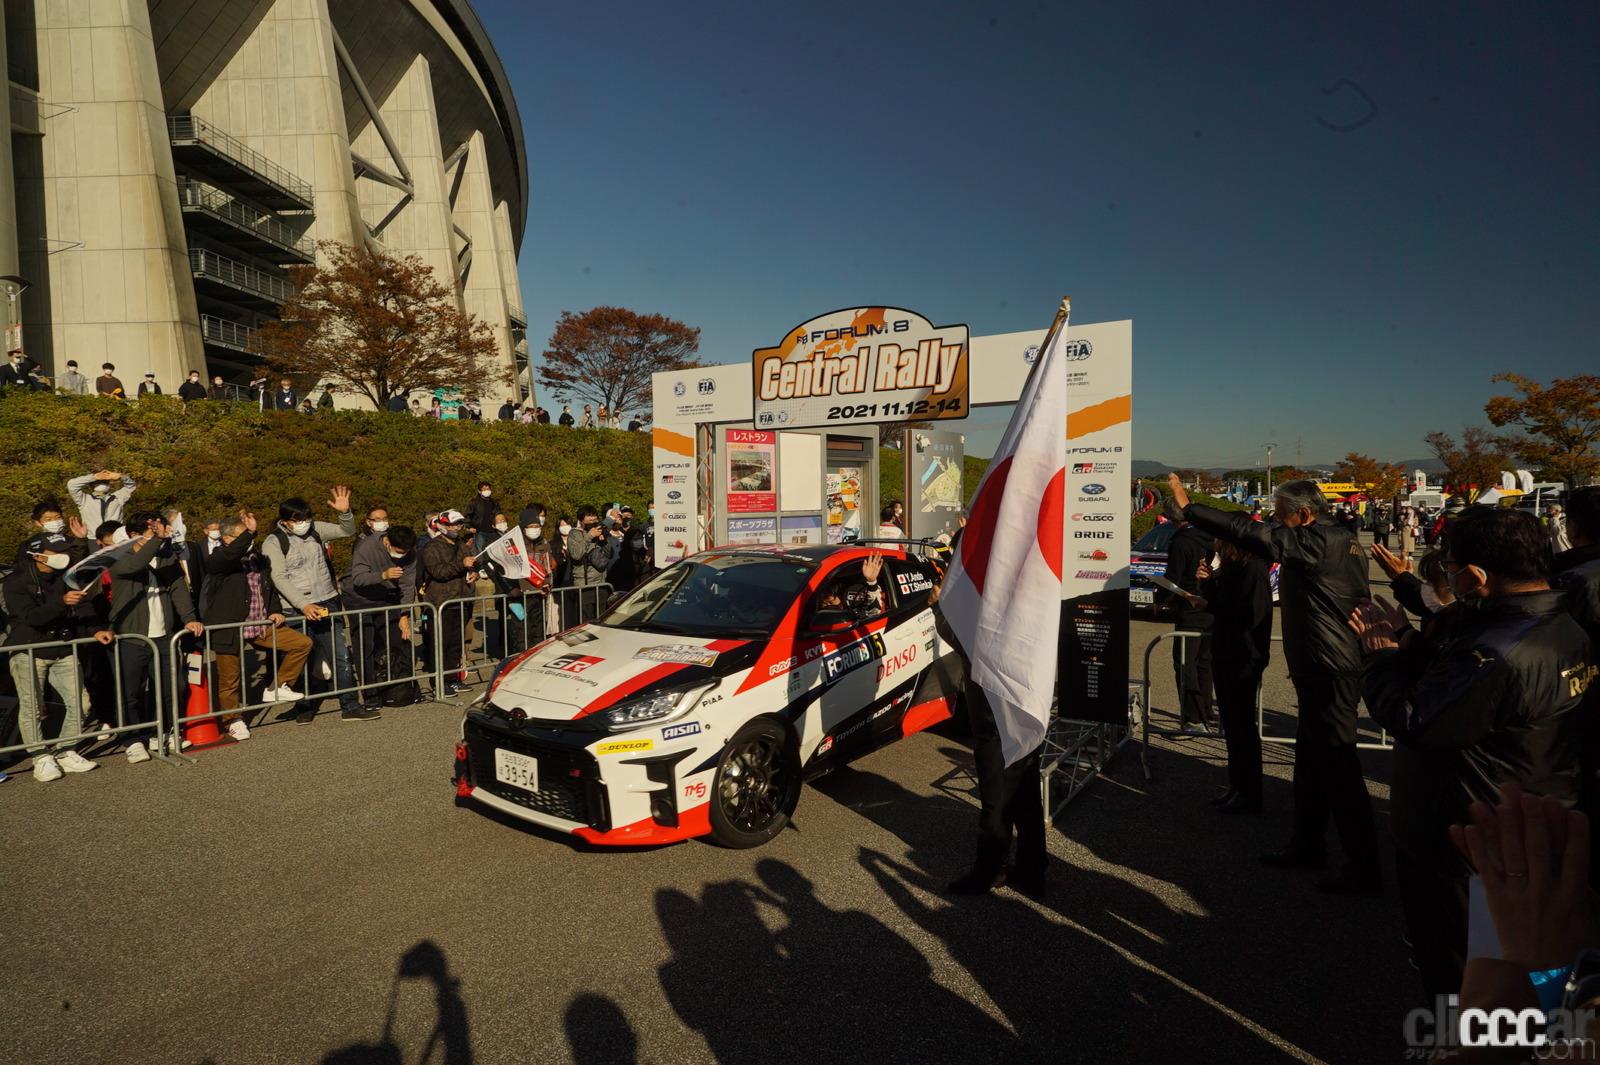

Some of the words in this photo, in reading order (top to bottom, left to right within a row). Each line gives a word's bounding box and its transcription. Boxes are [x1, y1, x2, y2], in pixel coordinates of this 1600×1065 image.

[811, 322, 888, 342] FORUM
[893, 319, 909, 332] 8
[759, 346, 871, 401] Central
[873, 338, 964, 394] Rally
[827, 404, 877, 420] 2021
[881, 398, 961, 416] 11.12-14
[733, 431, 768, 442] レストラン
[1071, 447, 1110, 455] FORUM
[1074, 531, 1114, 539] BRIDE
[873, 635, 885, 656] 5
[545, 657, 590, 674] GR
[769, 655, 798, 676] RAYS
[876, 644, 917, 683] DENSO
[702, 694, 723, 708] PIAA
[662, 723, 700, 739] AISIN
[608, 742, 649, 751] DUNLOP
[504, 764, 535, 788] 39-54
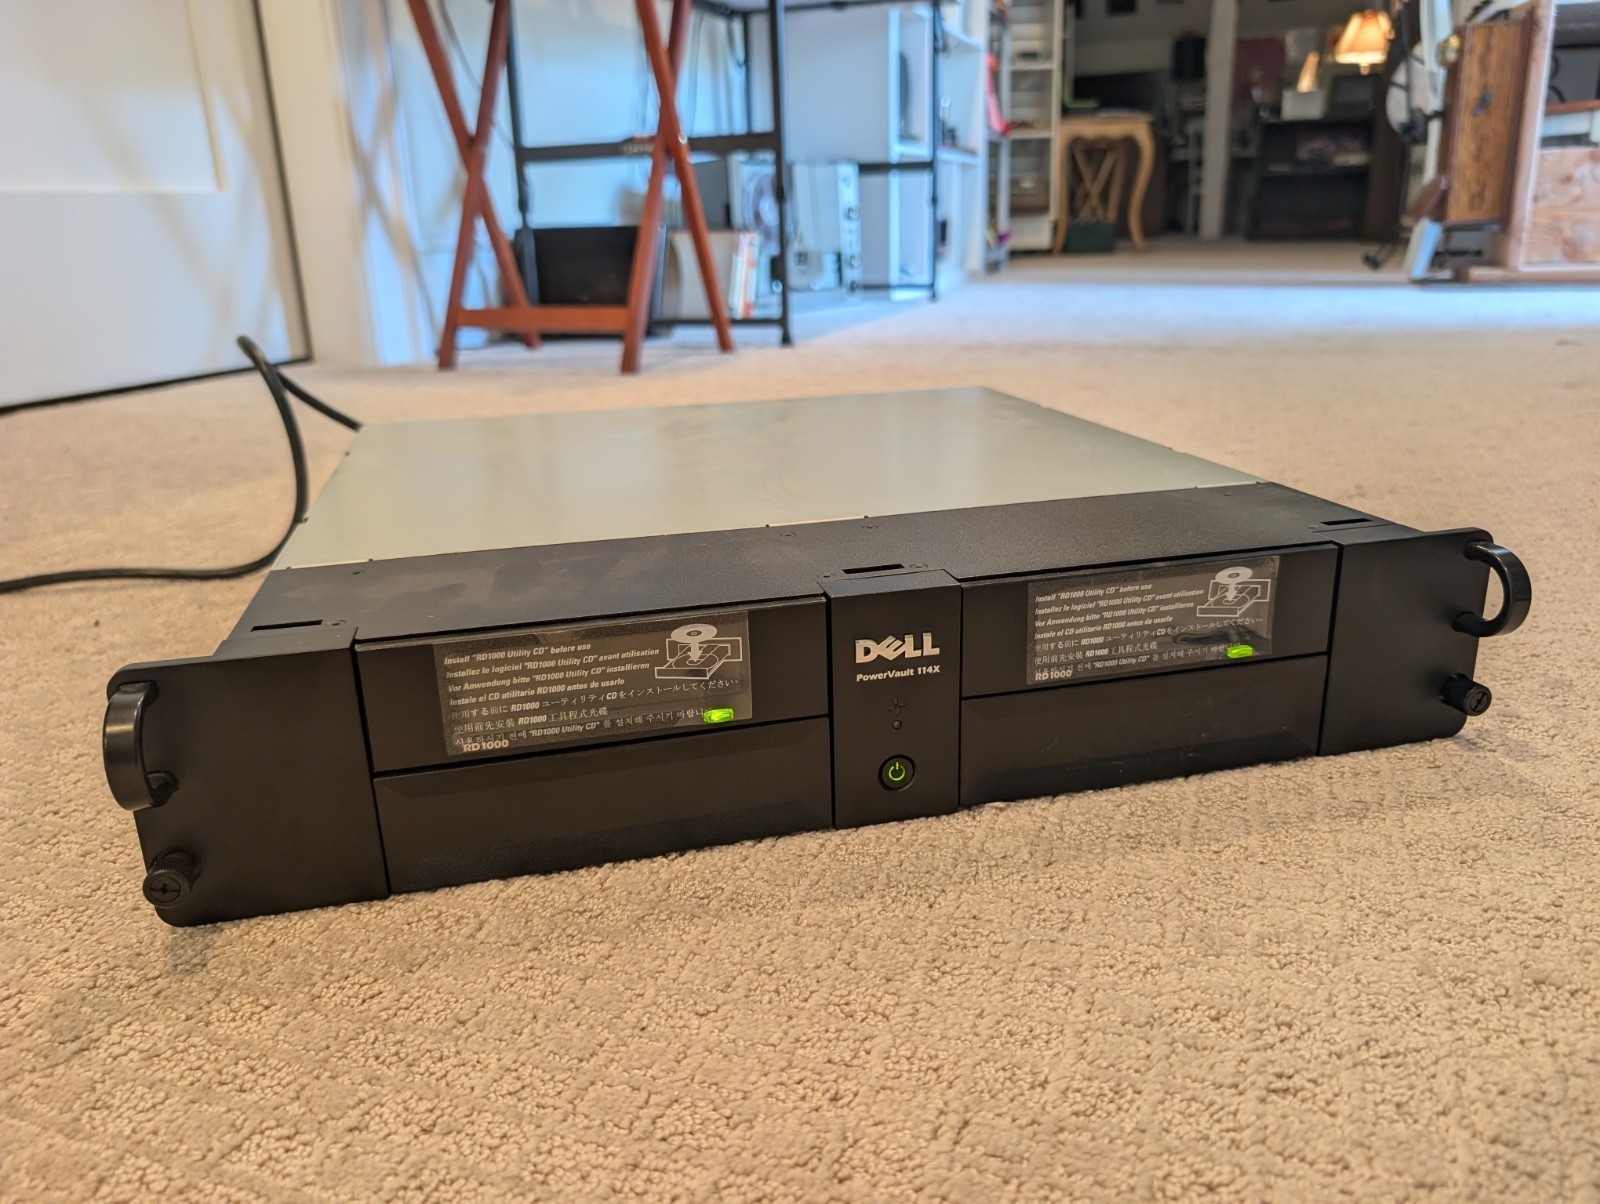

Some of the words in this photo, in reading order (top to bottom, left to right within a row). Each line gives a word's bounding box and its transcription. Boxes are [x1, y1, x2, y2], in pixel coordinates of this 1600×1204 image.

★ ★ ★ ★ ★

Could you write out the whole listing exactly, dropping the pictures?

SOLVED EXERCISE.
Some of the words in this photo, in reading order (top to bottom, left to right within a row). Each line gives a word's bounding box and its transcription. Boxes are [x1, y1, x2, y2], in pixel coordinates of this 1600×1065 image.

[811, 322, 888, 342] FORUM
[893, 319, 909, 332] 8
[759, 346, 871, 401] Central
[873, 338, 964, 394] Rally
[827, 404, 877, 420] 2021
[881, 398, 961, 416] 11.12-14
[733, 431, 768, 442] レストラン
[1071, 447, 1110, 455] FORUM
[1074, 531, 1114, 539] BRIDE
[873, 635, 885, 656] 5
[545, 657, 590, 674] GR
[769, 655, 798, 676] RAYS
[876, 644, 917, 683] DENSO
[702, 694, 723, 708] PIAA
[662, 723, 700, 739] AISIN
[608, 742, 649, 751] DUNLOP
[504, 764, 535, 788] 39-54

Some of the words in this photo, in reading order (top to bottom, left to right within a row). Each line gives a word's bounding box and its transcription. Boxes are [x1, y1, x2, y2], in pixel coordinates of this 1600×1204 image.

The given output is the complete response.